In a hurry? Phase 92-95 added a much shorter path:
nexoalone now boots a working daemon with zero YAMLs + zero external broker. See zero-config quickstart for the 30-second version. This page covers the classical full-control walkthrough.
What you'll have at the end
You (in Telegram) → "what's the weather in Bogotá?"
Your agent (Ana) → "Looking it up..." (via tool)
Your agent (Ana) → "Currently 18 °C, light rain."
Plus everything wired together — the broker (local stdio bridge by default, or NATS), an LLM provider, a channel plugin, the agent runtime, memory.
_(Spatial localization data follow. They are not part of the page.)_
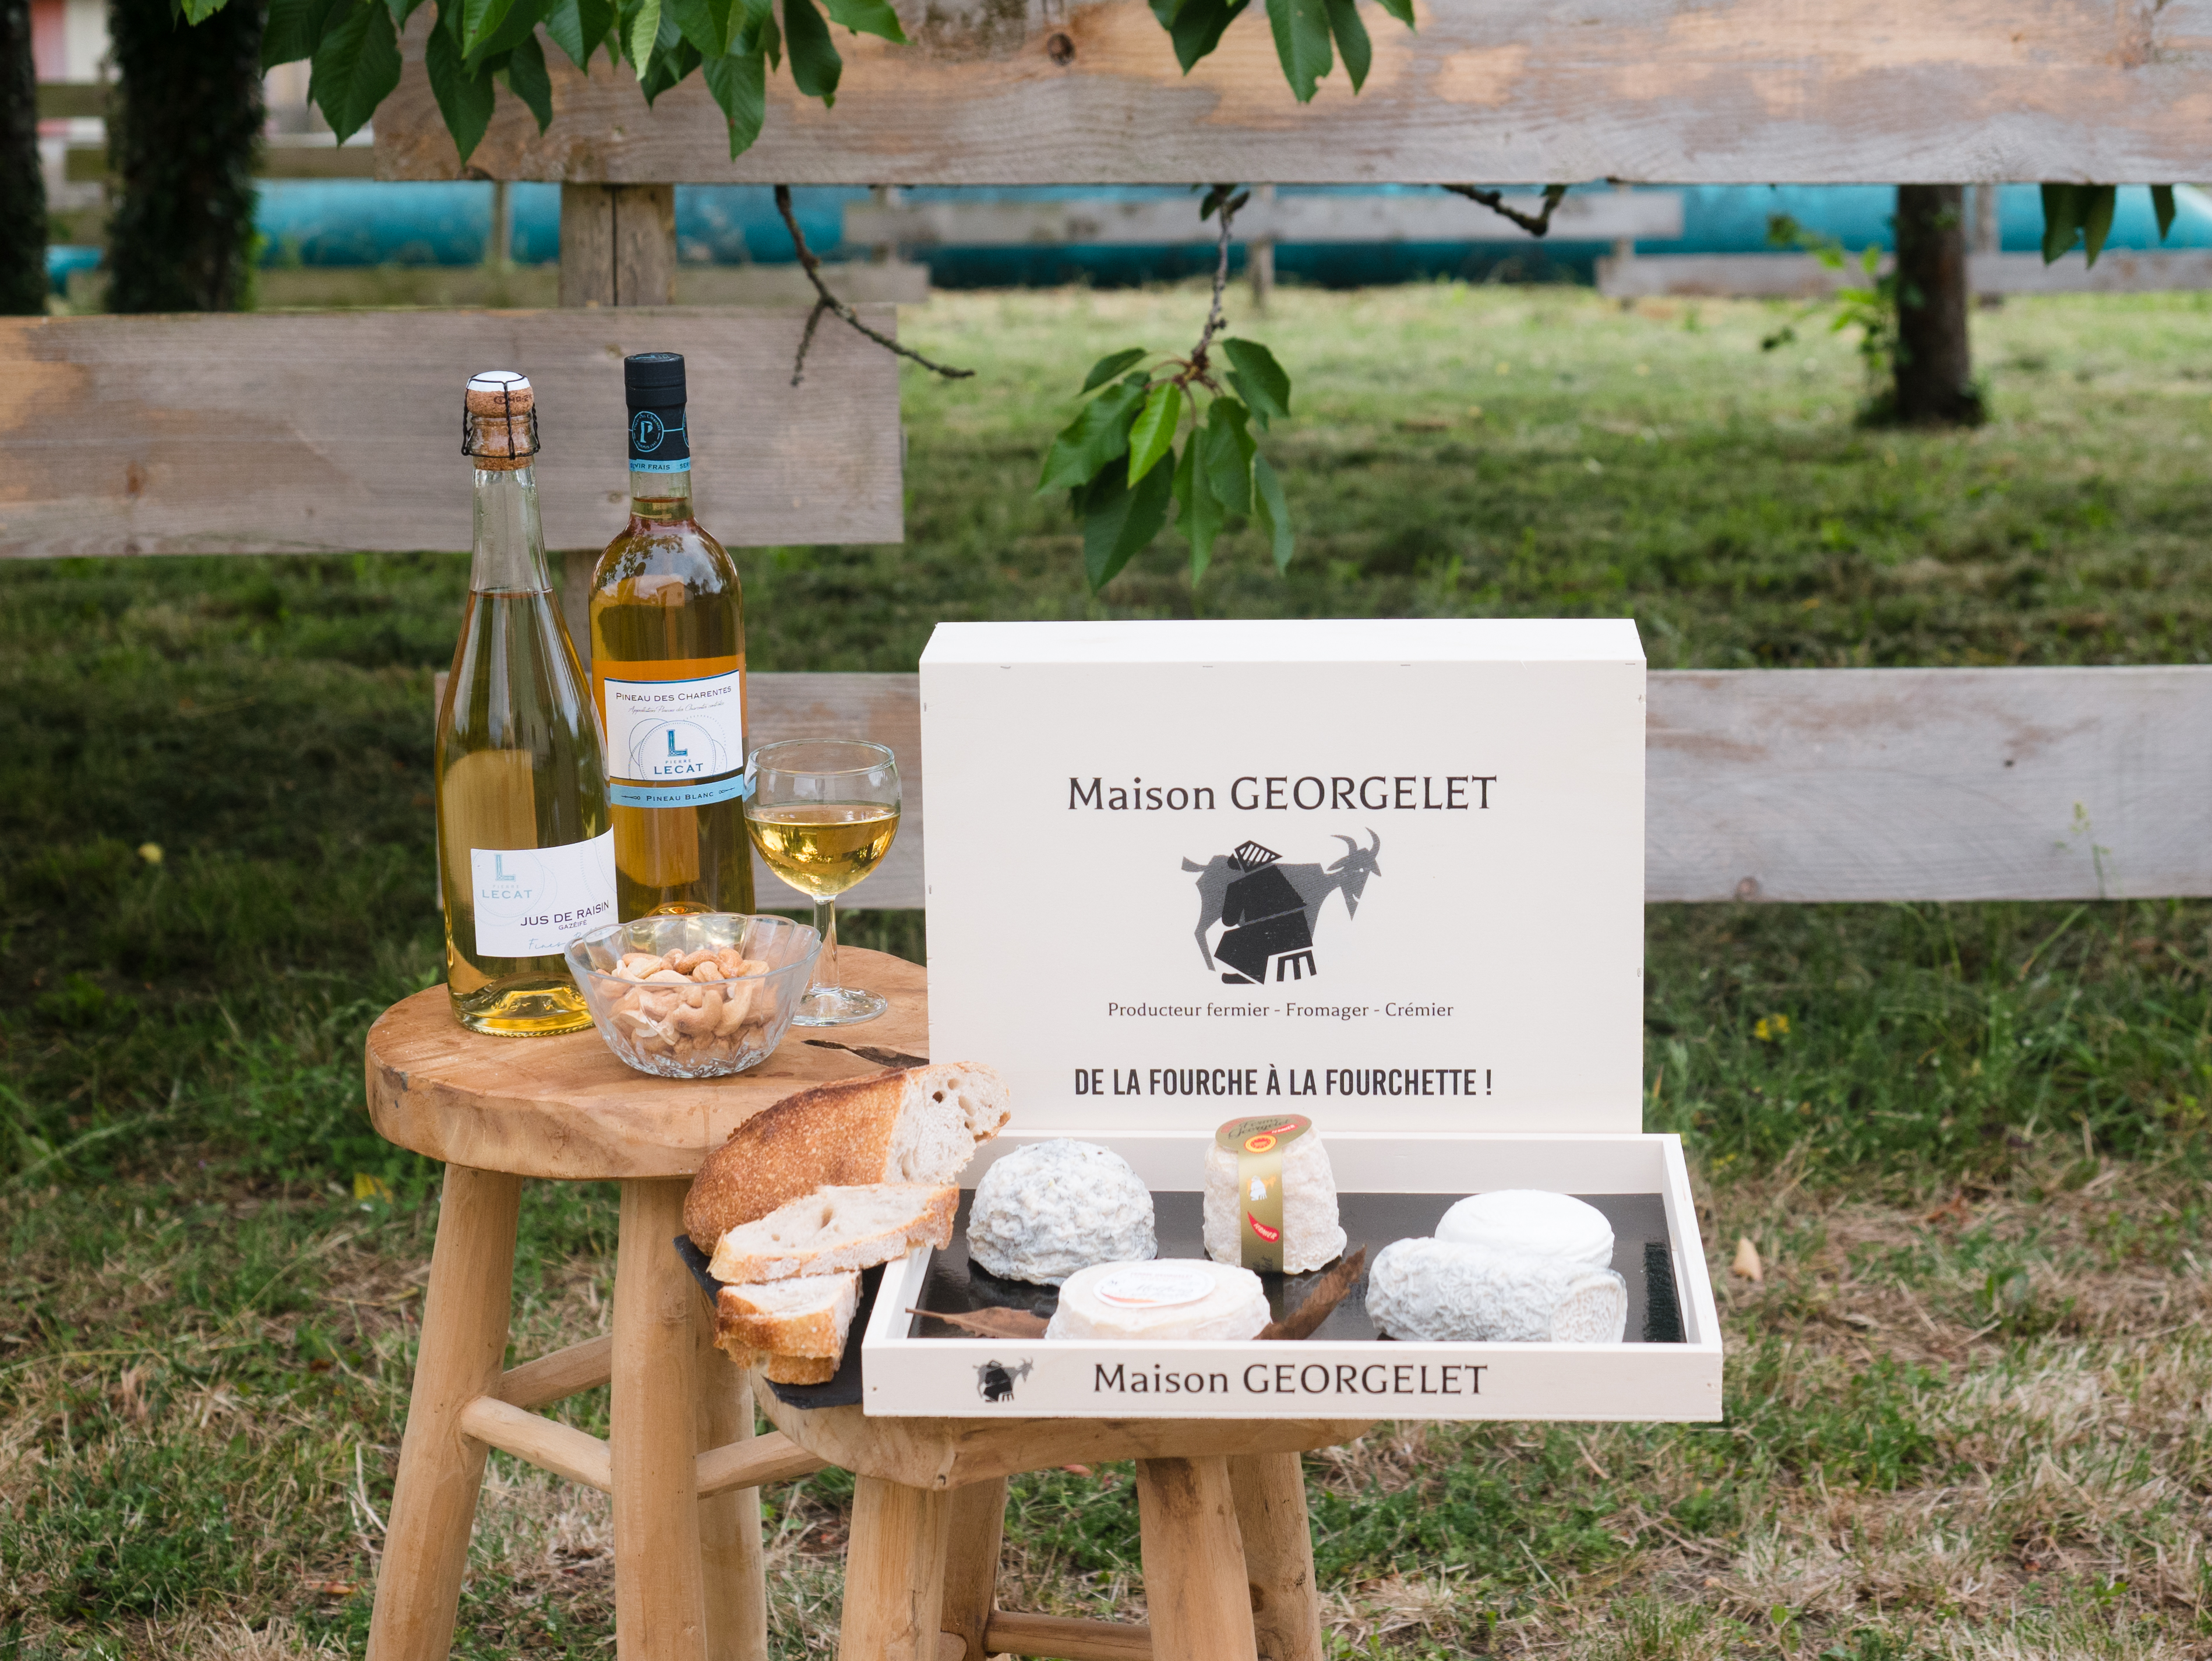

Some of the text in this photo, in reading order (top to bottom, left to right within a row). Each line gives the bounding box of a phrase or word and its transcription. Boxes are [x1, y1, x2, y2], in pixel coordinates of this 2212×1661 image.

[616, 692, 651, 701] PINEAU
[678, 686, 732, 701] CHARENTES
[666, 729, 687, 757] L
[654, 763, 703, 775] LECAT
[685, 791, 714, 800] BLANC
[1068, 775, 1497, 810] Maison GEORGELET
[495, 854, 516, 881] L
[482, 889, 532, 899] LECAT
[520, 900, 609, 926] JUS DE RAISIN
[558, 919, 587, 930] GAZÉIFÉ
[528, 938, 566, 950] Fines
[1108, 1001, 1202, 1017] Producteur
[1207, 1002, 1270, 1017] fermier
[1286, 1003, 1369, 1021] Fromager
[1385, 1002, 1454, 1017] Crémier
[1075, 1068, 1104, 1095] DE
[1113, 1068, 1141, 1095] LA
[1149, 1068, 1258, 1096] FOURCHE
[1266, 1063, 1281, 1095] À
[1290, 1068, 1317, 1095] LA
[1326, 1068, 1476, 1096] FOURCHETTE
[1094, 1363, 1488, 1395] Maison GEORGELET
From here you can swap personas, add tools, pair more channels, or move to a multi-tenant deployment.
1. Install the binary
Pick one — the one-liner is the fastest, no Rust toolchain needed:
# Pre-built binary (Linux x86_64/aarch64, macOS Intel/Apple Silicon).
# Detects your platform, verifies sha256, drops `nexo` on PATH.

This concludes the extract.